Each line of the material must reappear unchanged in the answer.

> _Dataset entries_:
----------------------------------------
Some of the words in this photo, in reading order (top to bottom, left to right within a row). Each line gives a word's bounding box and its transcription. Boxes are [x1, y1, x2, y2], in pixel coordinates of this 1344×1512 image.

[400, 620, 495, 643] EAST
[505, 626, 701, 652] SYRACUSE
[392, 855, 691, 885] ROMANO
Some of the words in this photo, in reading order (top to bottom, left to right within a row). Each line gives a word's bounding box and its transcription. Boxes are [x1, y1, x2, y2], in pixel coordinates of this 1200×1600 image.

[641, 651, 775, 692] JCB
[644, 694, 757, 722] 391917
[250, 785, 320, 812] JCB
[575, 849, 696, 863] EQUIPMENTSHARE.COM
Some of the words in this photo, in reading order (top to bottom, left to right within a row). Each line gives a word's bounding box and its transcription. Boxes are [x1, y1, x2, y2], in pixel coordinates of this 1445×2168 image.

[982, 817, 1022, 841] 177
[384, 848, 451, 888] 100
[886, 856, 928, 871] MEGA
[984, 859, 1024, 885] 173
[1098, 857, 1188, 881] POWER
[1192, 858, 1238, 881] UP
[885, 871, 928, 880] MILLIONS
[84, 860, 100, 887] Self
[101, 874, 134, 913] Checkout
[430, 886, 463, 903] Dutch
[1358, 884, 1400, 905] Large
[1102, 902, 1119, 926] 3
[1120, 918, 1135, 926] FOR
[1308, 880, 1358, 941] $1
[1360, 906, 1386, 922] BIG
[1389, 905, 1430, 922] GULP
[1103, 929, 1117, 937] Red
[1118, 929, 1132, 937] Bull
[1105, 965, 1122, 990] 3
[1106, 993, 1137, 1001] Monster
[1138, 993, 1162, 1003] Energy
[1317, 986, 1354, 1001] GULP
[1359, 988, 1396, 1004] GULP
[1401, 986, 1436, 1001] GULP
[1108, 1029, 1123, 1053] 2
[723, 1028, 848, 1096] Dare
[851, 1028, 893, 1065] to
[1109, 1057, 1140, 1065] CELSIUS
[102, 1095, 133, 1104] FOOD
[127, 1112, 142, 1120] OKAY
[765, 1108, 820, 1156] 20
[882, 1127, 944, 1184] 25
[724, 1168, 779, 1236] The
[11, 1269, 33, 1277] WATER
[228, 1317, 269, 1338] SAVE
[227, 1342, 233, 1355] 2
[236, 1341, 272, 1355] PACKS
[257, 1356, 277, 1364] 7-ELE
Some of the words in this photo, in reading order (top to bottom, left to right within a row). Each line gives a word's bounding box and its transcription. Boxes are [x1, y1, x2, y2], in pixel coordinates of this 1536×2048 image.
----------------------------------------
> _Expected output_:
Some of the words in this photo, in reading order (top to bottom, left to right within a row). Each line gives a word's bounding box and its transcription. Boxes are [x1, y1, x2, y2], in pixel coordinates of this 1344×1512 image.

[400, 620, 495, 643] EAST
[505, 626, 701, 652] SYRACUSE
[392, 855, 691, 885] ROMANO
Some of the words in this photo, in reading order (top to bottom, left to right within a row). Each line gives a word's bounding box and its transcription. Boxes are [x1, y1, x2, y2], in pixel coordinates of this 1200×1600 image.

[641, 651, 775, 692] JCB
[644, 694, 757, 722] 391917
[250, 785, 320, 812] JCB
[575, 849, 696, 863] EQUIPMENTSHARE.COM
Some of the words in this photo, in reading order (top to bottom, left to right within a row). Each line gives a word's bounding box and its transcription. Boxes are [x1, y1, x2, y2], in pixel coordinates of this 1445×2168 image.

[982, 817, 1022, 841] 177
[384, 848, 451, 888] 100
[886, 856, 928, 871] MEGA
[984, 859, 1024, 885] 173
[1098, 857, 1188, 881] POWER
[1192, 858, 1238, 881] UP
[885, 871, 928, 880] MILLIONS
[84, 860, 100, 887] Self
[101, 874, 134, 913] Checkout
[430, 886, 463, 903] Dutch
[1358, 884, 1400, 905] Large
[1102, 902, 1119, 926] 3
[1120, 918, 1135, 926] FOR
[1308, 880, 1358, 941] $1
[1360, 906, 1386, 922] BIG
[1389, 905, 1430, 922] GULP
[1103, 929, 1117, 937] Red
[1118, 929, 1132, 937] Bull
[1105, 965, 1122, 990] 3
[1106, 993, 1137, 1001] Monster
[1138, 993, 1162, 1003] Energy
[1317, 986, 1354, 1001] GULP
[1359, 988, 1396, 1004] GULP
[1401, 986, 1436, 1001] GULP
[1108, 1029, 1123, 1053] 2
[723, 1028, 848, 1096] Dare
[851, 1028, 893, 1065] to
[1109, 1057, 1140, 1065] CELSIUS
[102, 1095, 133, 1104] FOOD
[127, 1112, 142, 1120] OKAY
[765, 1108, 820, 1156] 20
[882, 1127, 944, 1184] 25
[724, 1168, 779, 1236] The
[11, 1269, 33, 1277] WATER
[228, 1317, 269, 1338] SAVE
[227, 1342, 233, 1355] 2
[236, 1341, 272, 1355] PACKS
[257, 1356, 277, 1364] 7-ELE
Some of the words in this photo, in reading order (top to bottom, left to right within a row). Each line gives a word's bounding box and its transcription. Boxes are [x1, y1, x2, y2], in pixel coordinates of this 1536×2048 image.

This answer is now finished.